Repeat the records exactly. Leave out the pictures.

[Spatial localization data]
== Segment start ==

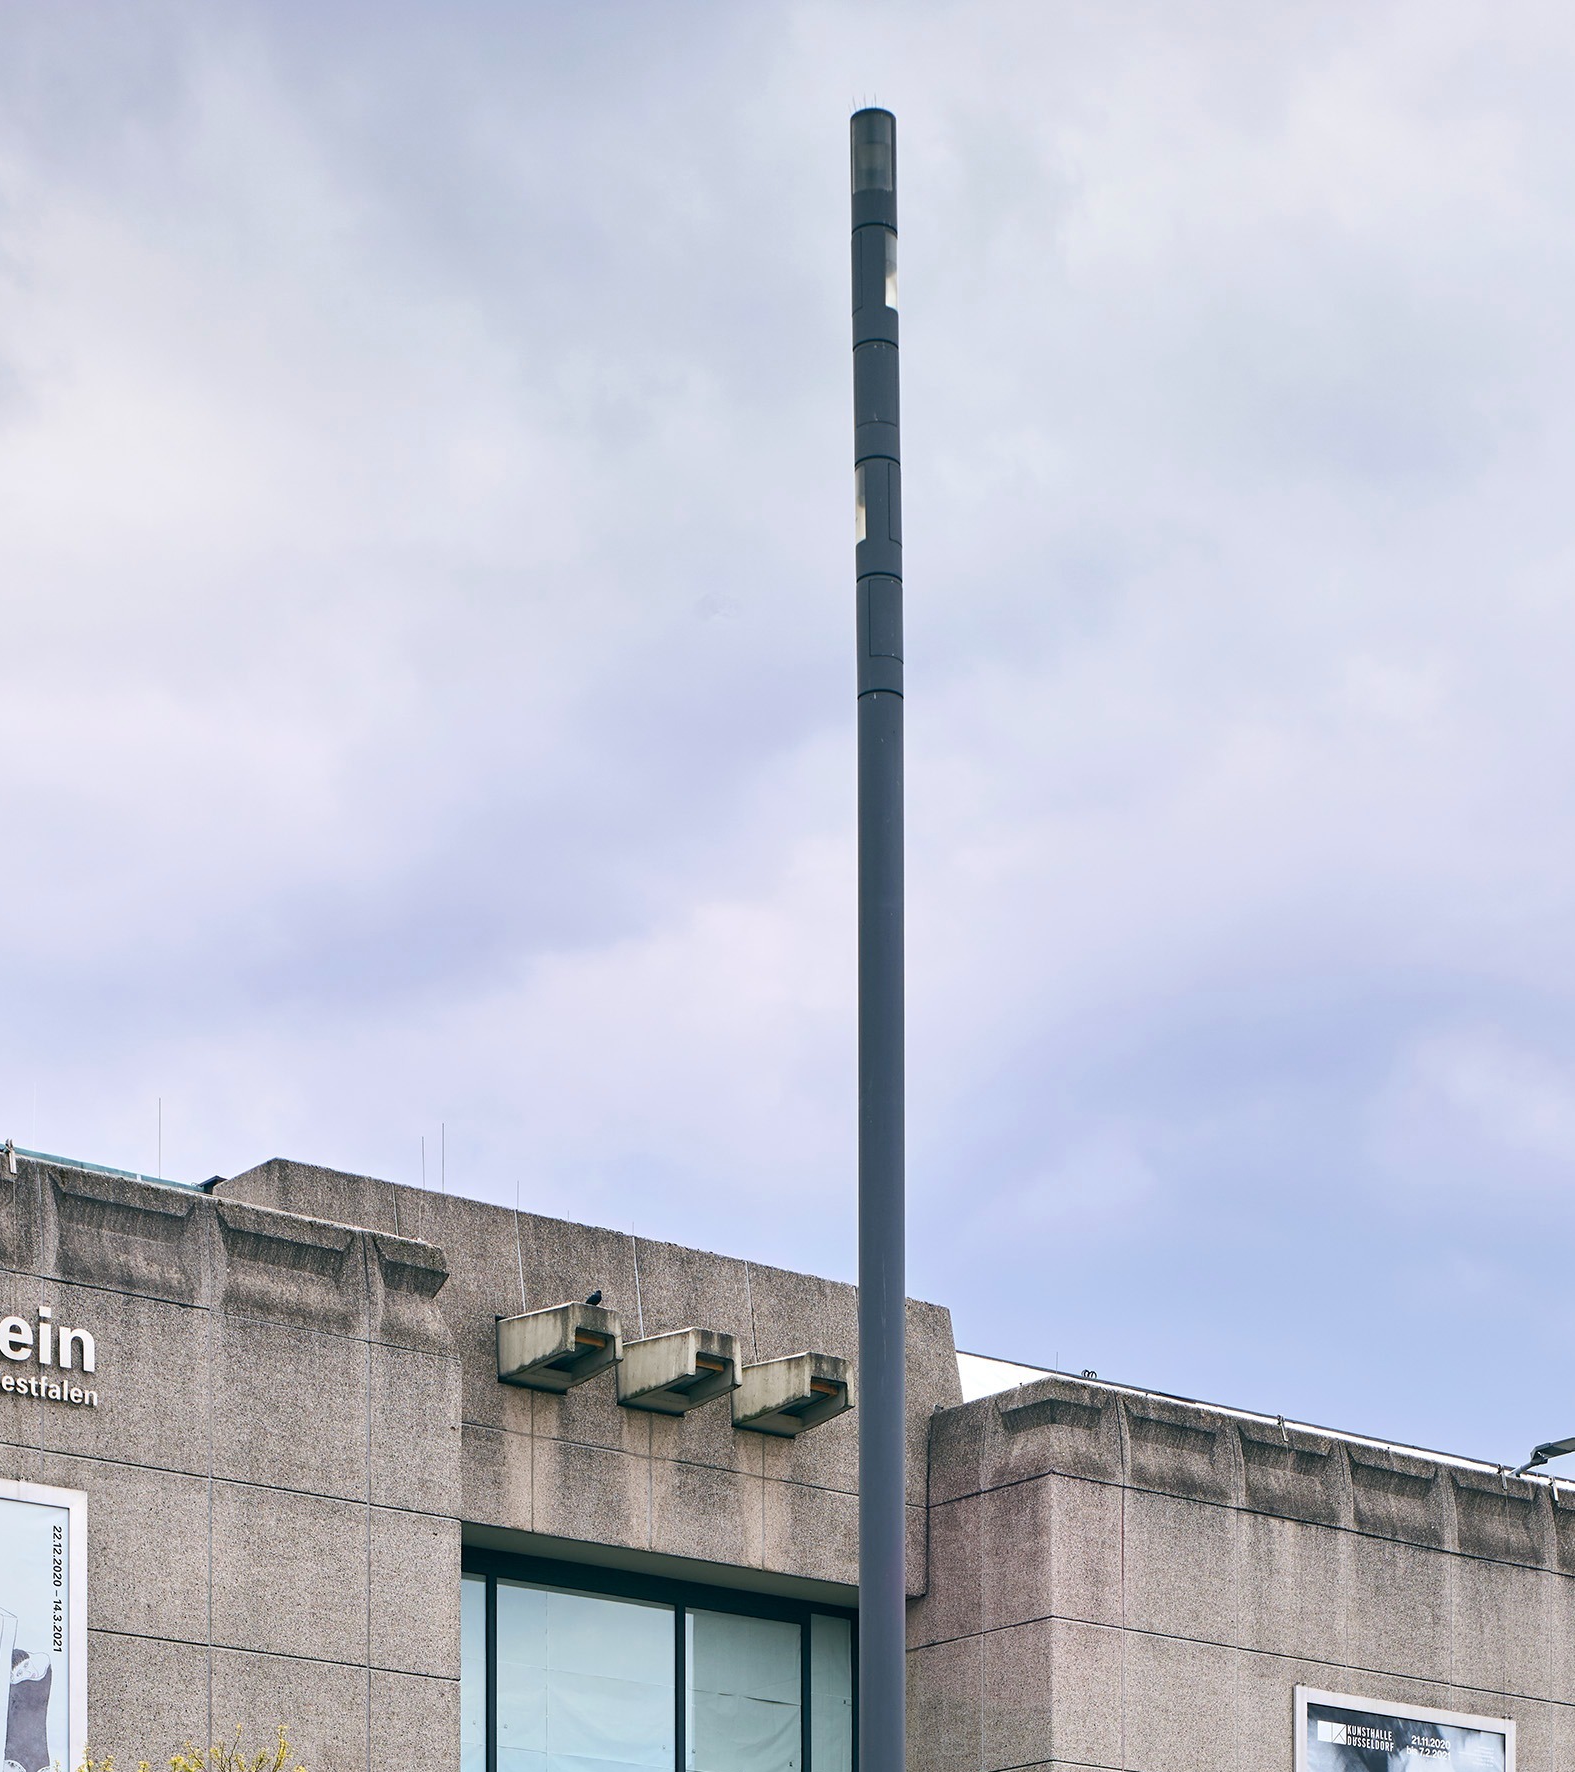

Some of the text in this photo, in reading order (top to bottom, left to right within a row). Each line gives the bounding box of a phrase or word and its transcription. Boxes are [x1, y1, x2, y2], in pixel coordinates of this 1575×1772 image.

[53, 1525, 62, 1587] 22.12.2020
[53, 1599, 62, 1653] 14.3.2021
[1347, 1724, 1451, 1750] KUNSTHALLE 21.11.2020
[1406, 1745, 1419, 1755] bis
[1419, 1748, 1452, 1761] 7.2.2021
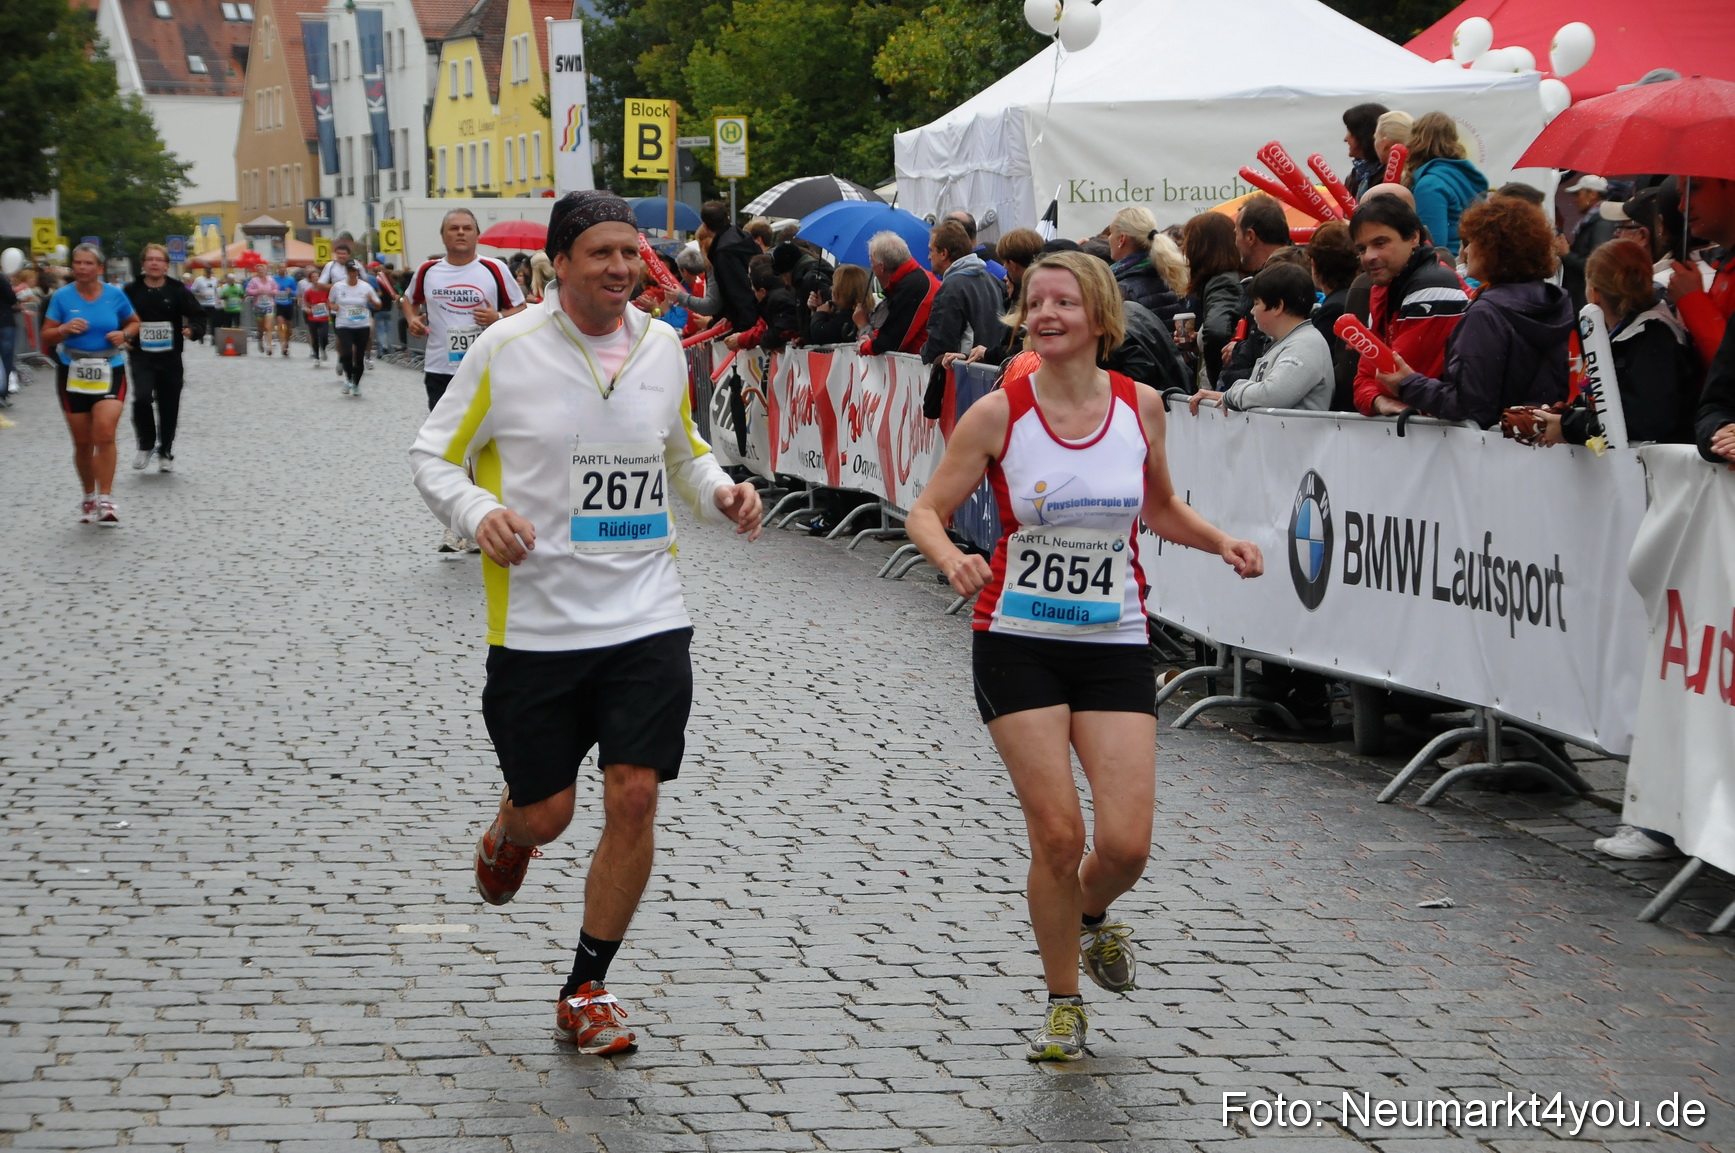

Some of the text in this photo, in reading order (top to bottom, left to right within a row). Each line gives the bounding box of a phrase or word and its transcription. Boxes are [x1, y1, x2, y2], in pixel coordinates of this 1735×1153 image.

[631, 102, 670, 117] Block
[638, 123, 662, 160] B
[1068, 177, 1259, 204] Kinder brauche
[1300, 179, 1322, 206] BKK
[1342, 191, 1359, 211] KK
[1320, 204, 1339, 221] udi
[37, 228, 48, 245] C
[385, 230, 397, 247] C
[318, 245, 328, 258] D
[660, 274, 677, 290] udi
[142, 328, 169, 340] 2382
[450, 334, 481, 351] 297
[77, 367, 102, 380] 580
[572, 453, 660, 465] PARTL Neumarkt
[581, 468, 664, 511] 2674
[1295, 474, 1329, 520] BMW
[1047, 496, 1139, 512] Physiotherapie Wild
[598, 521, 652, 540] Rüdiger
[1011, 532, 1109, 551] PARTL Neumarkt
[1017, 549, 1114, 596] 2654
[1342, 510, 1568, 639] BMW Laufsport
[1031, 600, 1091, 622] Claudia

== Segment end ==

● **Finished task**:
Some of the text in this photo, in reading order (top to bottom, left to right within a row). Each line gives the bounding box of a phrase or word and its transcription. Boxes are [x1, y1, x2, y2], in pixel coordinates of this 1575×1772 image.

[53, 1525, 62, 1587] 22.12.2020
[53, 1599, 62, 1653] 14.3.2021
[1347, 1724, 1451, 1750] KUNSTHALLE 21.11.2020
[1406, 1745, 1419, 1755] bis
[1419, 1748, 1452, 1761] 7.2.2021

Some of the text in this photo, in reading order (top to bottom, left to right within a row). Each line gives the bounding box of a phrase or word and its transcription. Boxes are [x1, y1, x2, y2], in pixel coordinates of this 1735×1153 image.

[631, 102, 670, 117] Block
[638, 123, 662, 160] B
[1068, 177, 1259, 204] Kinder brauche
[1300, 179, 1322, 206] BKK
[1342, 191, 1359, 211] KK
[1320, 204, 1339, 221] udi
[37, 228, 48, 245] C
[385, 230, 397, 247] C
[318, 245, 328, 258] D
[660, 274, 677, 290] udi
[142, 328, 169, 340] 2382
[450, 334, 481, 351] 297
[77, 367, 102, 380] 580
[572, 453, 660, 465] PARTL Neumarkt
[581, 468, 664, 511] 2674
[1295, 474, 1329, 520] BMW
[1047, 496, 1139, 512] Physiotherapie Wild
[598, 521, 652, 540] Rüdiger
[1011, 532, 1109, 551] PARTL Neumarkt
[1017, 549, 1114, 596] 2654
[1342, 510, 1568, 639] BMW Laufsport
[1031, 600, 1091, 622] Claudia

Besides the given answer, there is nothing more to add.